----- Recorded data -----

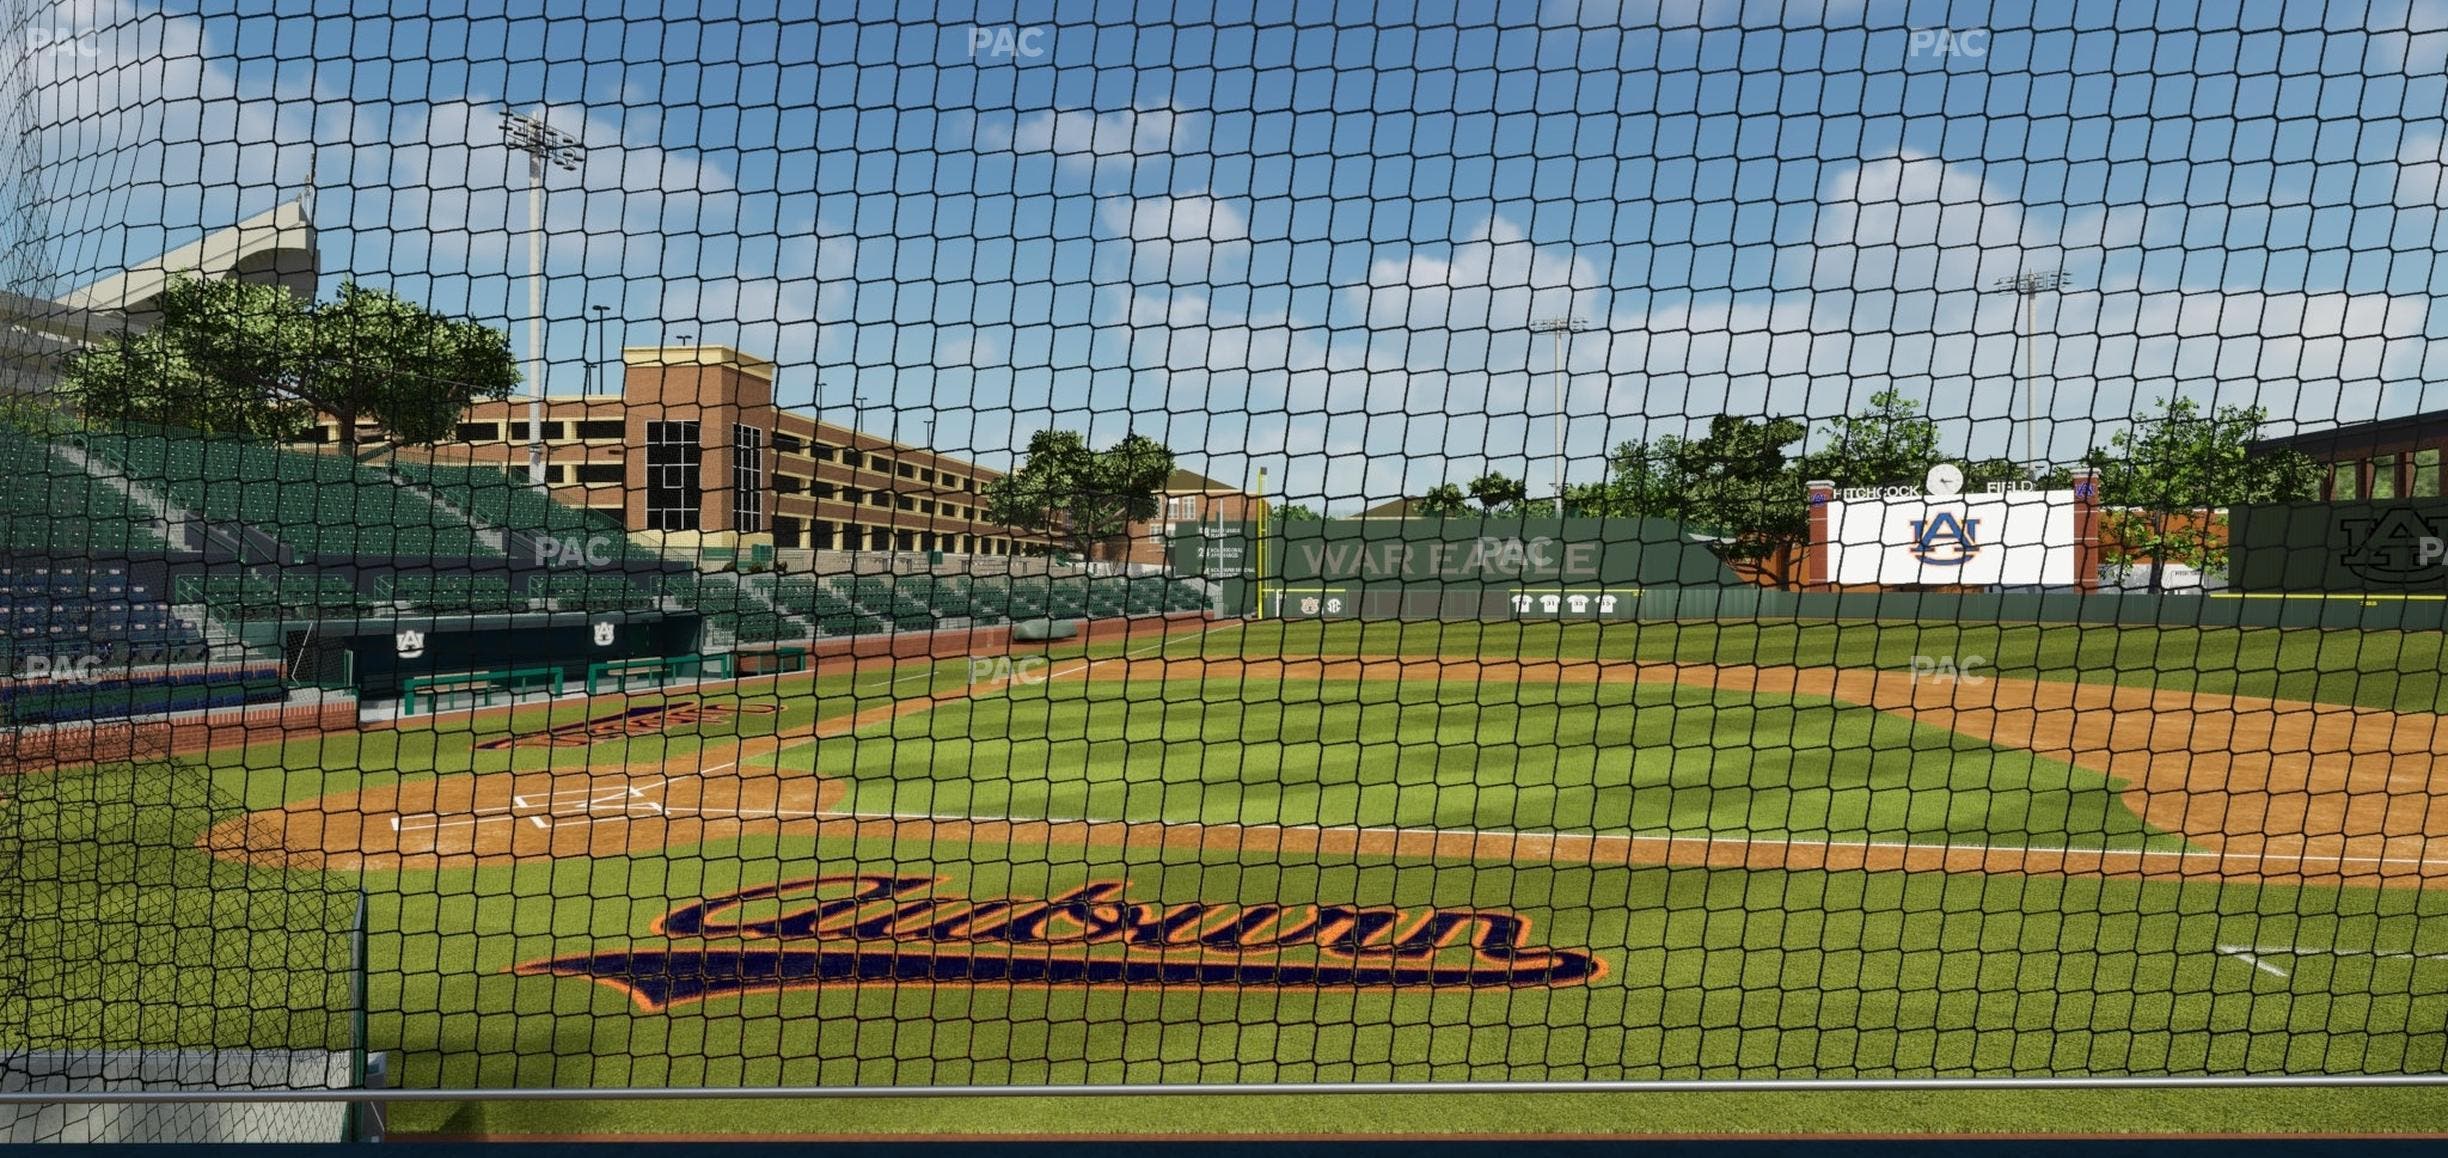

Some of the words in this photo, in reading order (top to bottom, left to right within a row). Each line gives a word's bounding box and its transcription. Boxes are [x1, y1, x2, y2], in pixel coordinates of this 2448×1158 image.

[1833, 486, 1921, 499] HITCHCOCK
[1987, 480, 2033, 493] FIELD
[1302, 544, 1415, 575] WAR
[1430, 542, 1598, 575] EAGLE
[650, 874, 1540, 966] Auburn
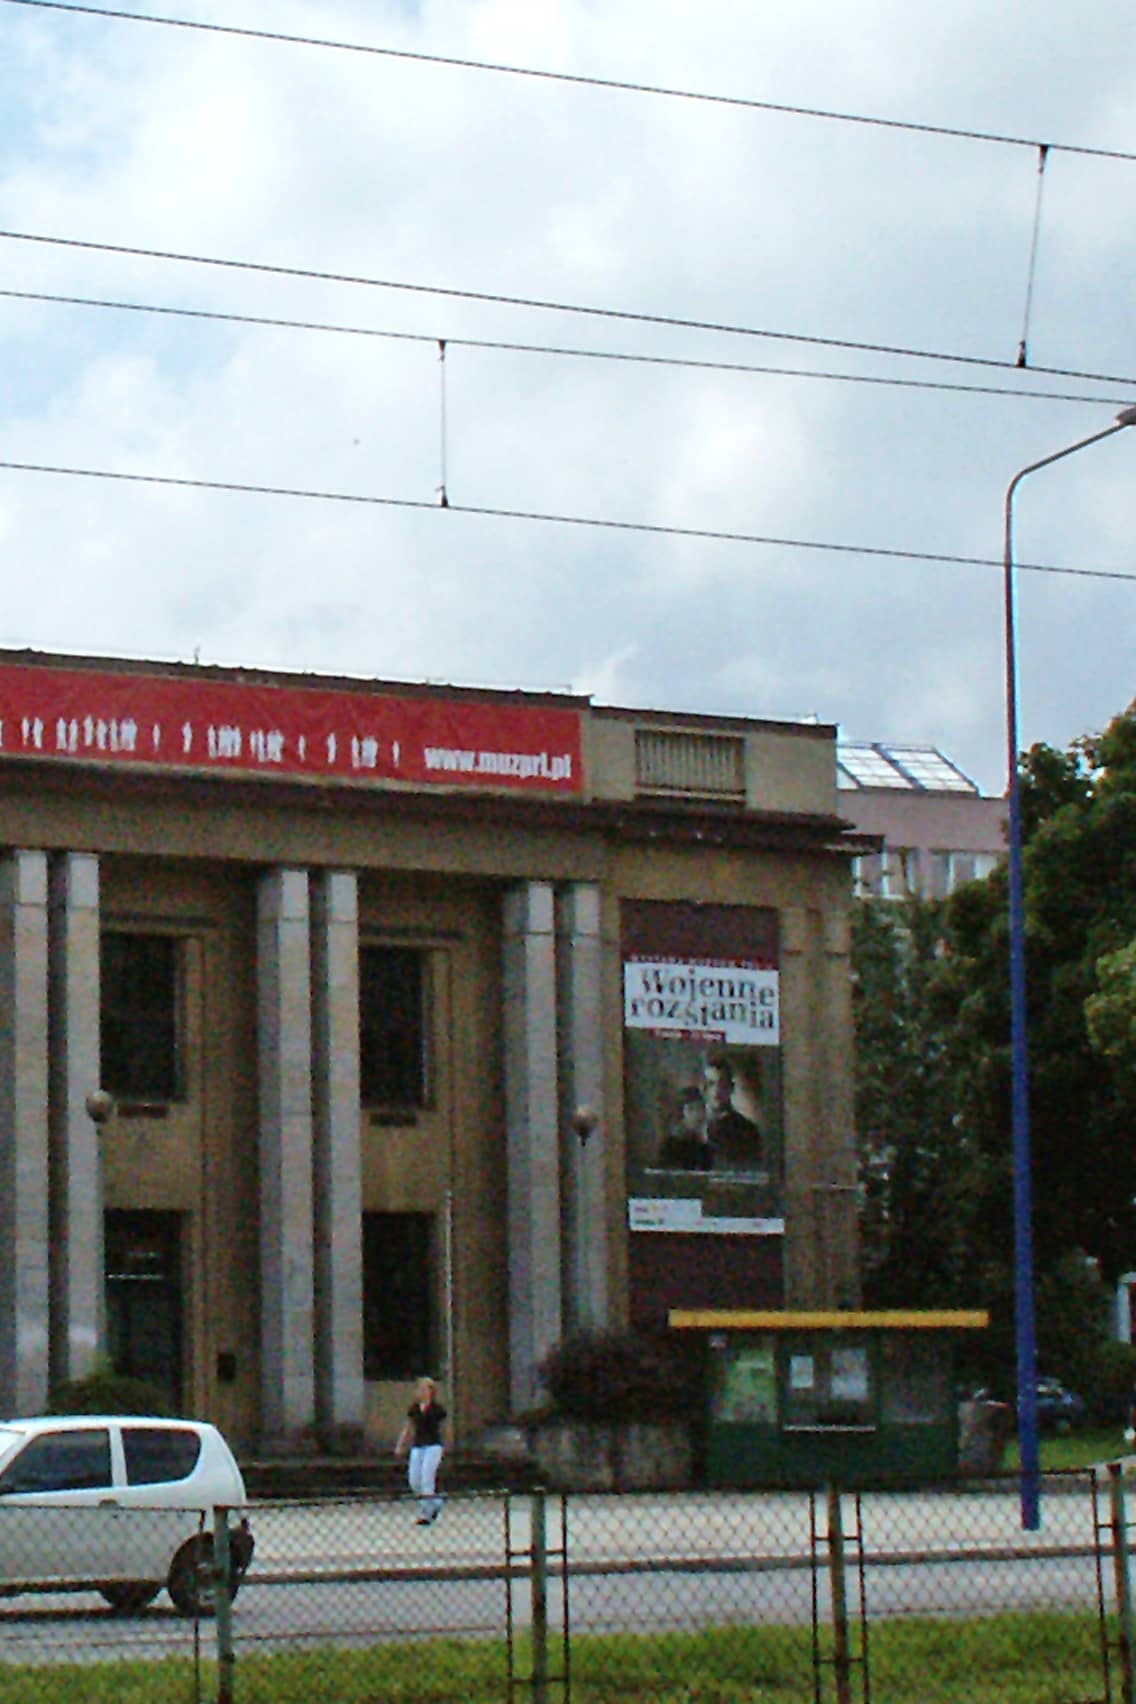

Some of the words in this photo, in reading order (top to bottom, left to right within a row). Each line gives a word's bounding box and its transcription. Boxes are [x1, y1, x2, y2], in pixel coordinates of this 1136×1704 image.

-----

> _Brief_: All of the entries above should be duplicated exactly, except for the pictures.

> _Response box_:
Some of the words in this photo, in reading order (top to bottom, left to right within a row). Each line gives a word's bounding box and its transcription. Boxes are [x1, y1, x2, y2], in pixel coordinates of this 2448×1158 image.

[1833, 486, 1921, 499] HITCHCOCK
[1987, 480, 2033, 493] FIELD
[1302, 544, 1415, 575] WAR
[1430, 542, 1598, 575] EAGLE
[650, 874, 1540, 966] Auburn

Some of the words in this photo, in reading order (top to bottom, left to right within a row). Each line gives a word's bounding box and its transcription. Boxes are [x1, y1, x2, y2], in pixel coordinates of this 1136×1704 image.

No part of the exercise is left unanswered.